### AVAILABLE RECORDS

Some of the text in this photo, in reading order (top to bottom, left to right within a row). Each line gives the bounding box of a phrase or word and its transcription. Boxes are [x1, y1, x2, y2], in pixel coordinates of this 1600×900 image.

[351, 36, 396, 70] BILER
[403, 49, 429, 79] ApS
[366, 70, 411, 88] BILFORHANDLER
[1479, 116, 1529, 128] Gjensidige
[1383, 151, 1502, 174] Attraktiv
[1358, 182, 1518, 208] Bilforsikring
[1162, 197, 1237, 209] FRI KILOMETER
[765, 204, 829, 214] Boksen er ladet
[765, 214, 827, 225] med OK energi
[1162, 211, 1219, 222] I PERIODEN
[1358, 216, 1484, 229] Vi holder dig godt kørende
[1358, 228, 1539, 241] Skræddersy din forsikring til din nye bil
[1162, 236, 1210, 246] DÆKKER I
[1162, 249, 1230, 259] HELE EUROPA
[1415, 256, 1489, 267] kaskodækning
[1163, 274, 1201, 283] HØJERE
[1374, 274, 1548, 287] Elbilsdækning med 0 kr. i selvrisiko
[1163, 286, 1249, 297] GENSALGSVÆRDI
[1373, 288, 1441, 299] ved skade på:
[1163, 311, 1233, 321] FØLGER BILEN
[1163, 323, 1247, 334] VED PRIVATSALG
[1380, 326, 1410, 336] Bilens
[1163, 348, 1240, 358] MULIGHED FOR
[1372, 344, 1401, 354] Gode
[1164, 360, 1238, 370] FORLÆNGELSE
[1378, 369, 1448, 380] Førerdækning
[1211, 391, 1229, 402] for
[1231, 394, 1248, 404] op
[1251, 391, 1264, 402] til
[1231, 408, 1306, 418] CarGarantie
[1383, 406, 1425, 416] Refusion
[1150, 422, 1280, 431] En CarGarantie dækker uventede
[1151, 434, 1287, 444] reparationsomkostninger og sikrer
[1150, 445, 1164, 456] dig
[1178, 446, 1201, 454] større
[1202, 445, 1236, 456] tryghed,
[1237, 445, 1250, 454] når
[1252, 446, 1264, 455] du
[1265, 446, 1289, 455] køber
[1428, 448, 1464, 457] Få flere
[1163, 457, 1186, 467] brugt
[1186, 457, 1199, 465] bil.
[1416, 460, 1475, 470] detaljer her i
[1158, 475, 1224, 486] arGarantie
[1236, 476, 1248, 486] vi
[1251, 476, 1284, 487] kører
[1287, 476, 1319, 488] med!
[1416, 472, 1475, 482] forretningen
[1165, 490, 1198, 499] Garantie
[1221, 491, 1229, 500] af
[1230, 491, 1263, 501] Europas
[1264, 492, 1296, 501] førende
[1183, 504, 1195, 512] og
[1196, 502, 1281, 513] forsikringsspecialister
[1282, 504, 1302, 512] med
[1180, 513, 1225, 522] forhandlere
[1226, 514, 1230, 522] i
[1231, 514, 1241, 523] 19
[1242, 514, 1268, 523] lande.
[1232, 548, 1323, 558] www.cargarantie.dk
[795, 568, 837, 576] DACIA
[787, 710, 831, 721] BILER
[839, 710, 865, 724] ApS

######

## PROBLEM DETAILS:
A word-for-word restatement of all the records is required.

## SOLUTION:
Some of the text in this photo, in reading order (top to bottom, left to right within a row). Each line gives the bounding box of a phrase or word and its transcription. Boxes are [x1, y1, x2, y2], in pixel coordinates of this 1600×900 image.

[351, 36, 396, 70] BILER
[403, 49, 429, 79] ApS
[366, 70, 411, 88] BILFORHANDLER
[1479, 116, 1529, 128] Gjensidige
[1383, 151, 1502, 174] Attraktiv
[1358, 182, 1518, 208] Bilforsikring
[1162, 197, 1237, 209] FRI KILOMETER
[765, 204, 829, 214] Boksen er ladet
[765, 214, 827, 225] med OK energi
[1162, 211, 1219, 222] I PERIODEN
[1358, 216, 1484, 229] Vi holder dig godt kørende
[1358, 228, 1539, 241] Skræddersy din forsikring til din nye bil
[1162, 236, 1210, 246] DÆKKER I
[1162, 249, 1230, 259] HELE EUROPA
[1415, 256, 1489, 267] kaskodækning
[1163, 274, 1201, 283] HØJERE
[1374, 274, 1548, 287] Elbilsdækning med 0 kr. i selvrisiko
[1163, 286, 1249, 297] GENSALGSVÆRDI
[1373, 288, 1441, 299] ved skade på:
[1163, 311, 1233, 321] FØLGER BILEN
[1163, 323, 1247, 334] VED PRIVATSALG
[1380, 326, 1410, 336] Bilens
[1163, 348, 1240, 358] MULIGHED FOR
[1372, 344, 1401, 354] Gode
[1164, 360, 1238, 370] FORLÆNGELSE
[1378, 369, 1448, 380] Førerdækning
[1211, 391, 1229, 402] for
[1231, 394, 1248, 404] op
[1251, 391, 1264, 402] til
[1231, 408, 1306, 418] CarGarantie
[1383, 406, 1425, 416] Refusion
[1150, 422, 1280, 431] En CarGarantie dækker uventede
[1151, 434, 1287, 444] reparationsomkostninger og sikrer
[1150, 445, 1164, 456] dig
[1178, 446, 1201, 454] større
[1202, 445, 1236, 456] tryghed,
[1237, 445, 1250, 454] når
[1252, 446, 1264, 455] du
[1265, 446, 1289, 455] køber
[1428, 448, 1464, 457] Få flere
[1163, 457, 1186, 467] brugt
[1186, 457, 1199, 465] bil.
[1416, 460, 1475, 470] detaljer her i
[1158, 475, 1224, 486] arGarantie
[1236, 476, 1248, 486] vi
[1251, 476, 1284, 487] kører
[1287, 476, 1319, 488] med!
[1416, 472, 1475, 482] forretningen
[1165, 490, 1198, 499] Garantie
[1221, 491, 1229, 500] af
[1230, 491, 1263, 501] Europas
[1264, 492, 1296, 501] førende
[1183, 504, 1195, 512] og
[1196, 502, 1281, 513] forsikringsspecialister
[1282, 504, 1302, 512] med
[1180, 513, 1225, 522] forhandlere
[1226, 514, 1230, 522] i
[1231, 514, 1241, 523] 19
[1242, 514, 1268, 523] lande.
[1232, 548, 1323, 558] www.cargarantie.dk
[795, 568, 837, 576] DACIA
[787, 710, 831, 721] BILER
[839, 710, 865, 724] ApS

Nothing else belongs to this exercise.